Activity ▸ Write out each line of the material exactly as given, and drop the images.

══ The input ══

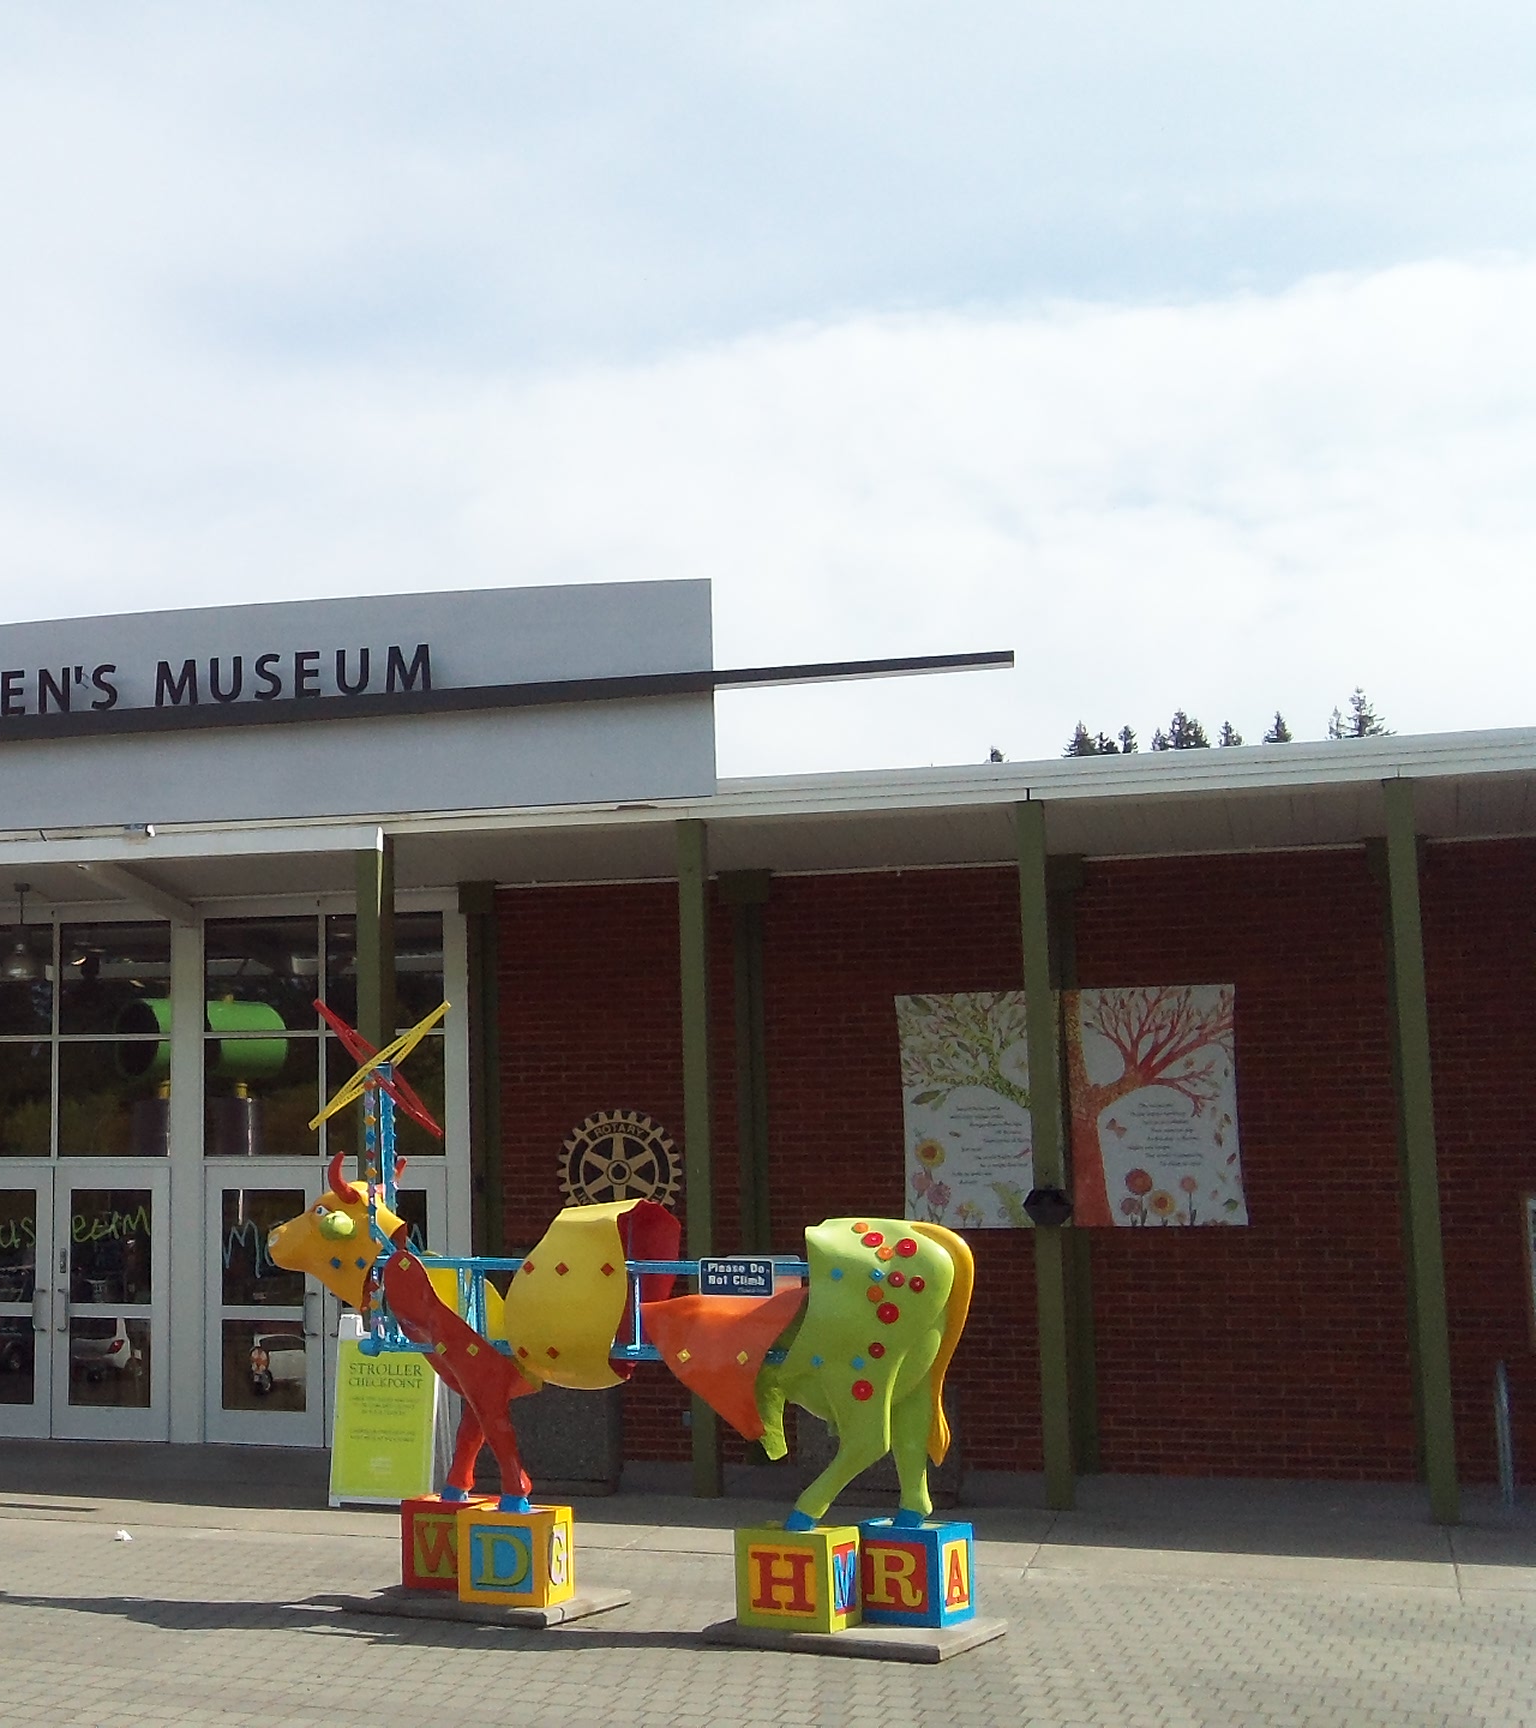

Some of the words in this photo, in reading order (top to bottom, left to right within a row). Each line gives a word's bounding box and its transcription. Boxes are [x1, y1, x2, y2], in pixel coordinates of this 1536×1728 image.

[154, 642, 432, 706] MUSEUM
[593, 1122, 645, 1138] ROTARY
[707, 1262, 745, 1273] Please
[750, 1263, 765, 1274] Do
[708, 1275, 728, 1286] Not
[732, 1275, 766, 1287] Climb
[348, 1362, 424, 1377] STROLLER
[348, 1377, 424, 1390] CHECKPOINT
[474, 1532, 530, 1587] D
[750, 1551, 815, 1613] H
[864, 1547, 924, 1608] R
[945, 1548, 968, 1608] A
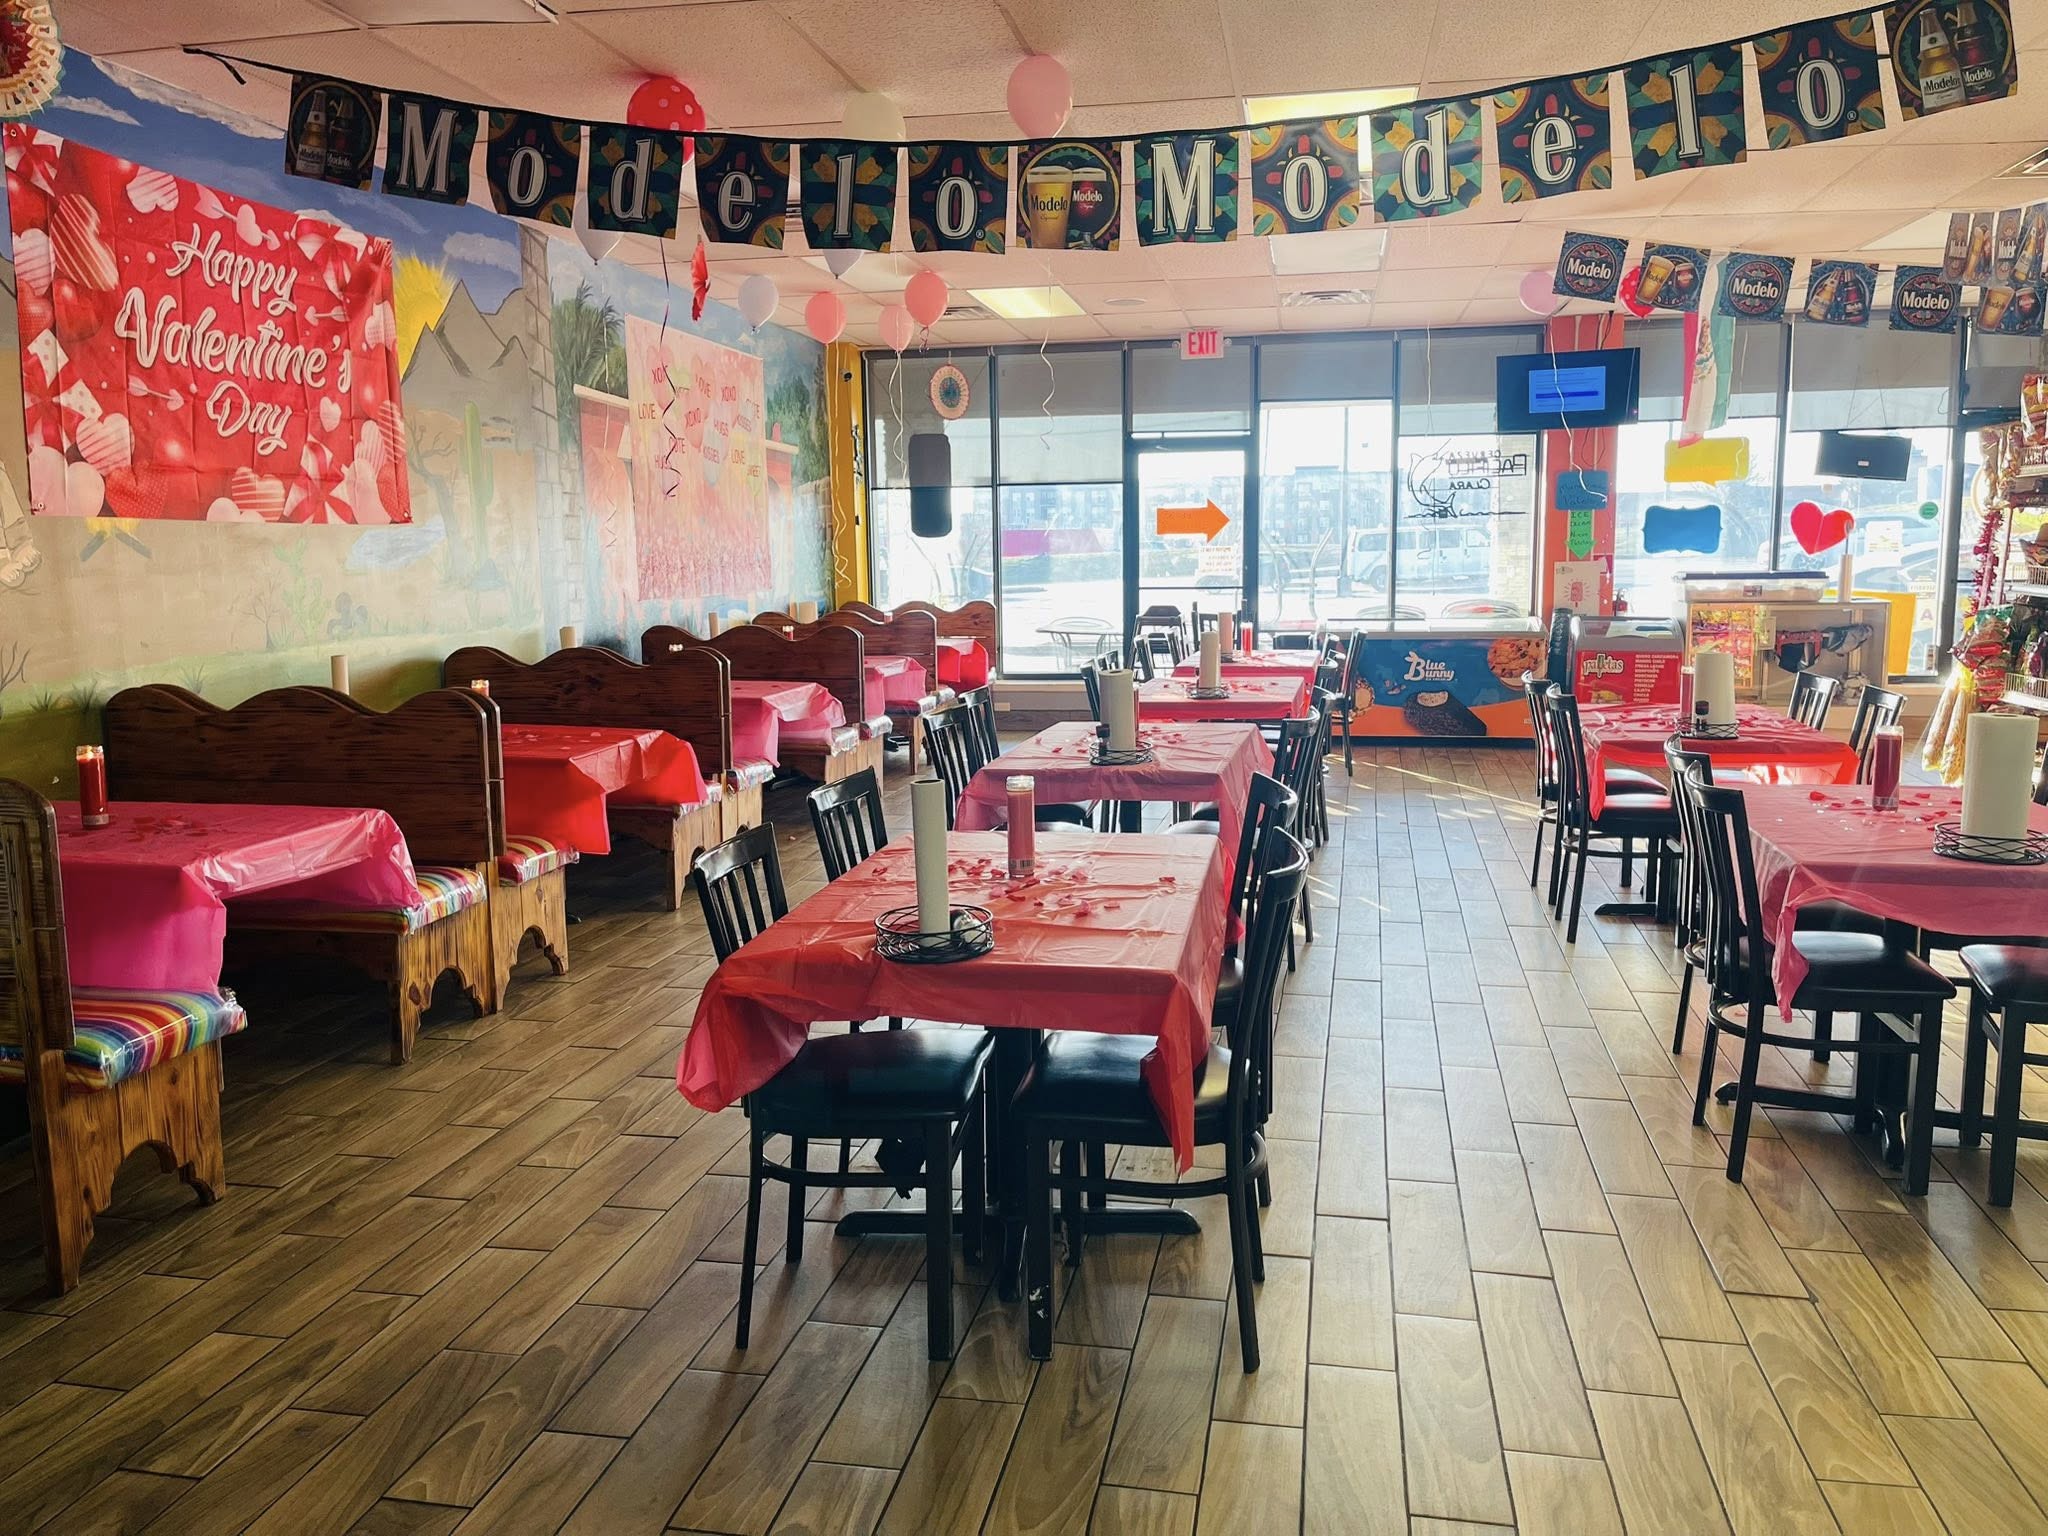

═══

Reply ▸
Some of the words in this photo, in reading order (top to bottom, left to right within a row). Each line gives a word's bounding box and its transcription. Boxes are [x1, y1, x2, y2], in pixel coordinates of this 1536×1728 image.

[154, 642, 432, 706] MUSEUM
[593, 1122, 645, 1138] ROTARY
[707, 1262, 745, 1273] Please
[750, 1263, 765, 1274] Do
[708, 1275, 728, 1286] Not
[732, 1275, 766, 1287] Climb
[348, 1362, 424, 1377] STROLLER
[348, 1377, 424, 1390] CHECKPOINT
[474, 1532, 530, 1587] D
[750, 1551, 815, 1613] H
[864, 1547, 924, 1608] R
[945, 1548, 968, 1608] A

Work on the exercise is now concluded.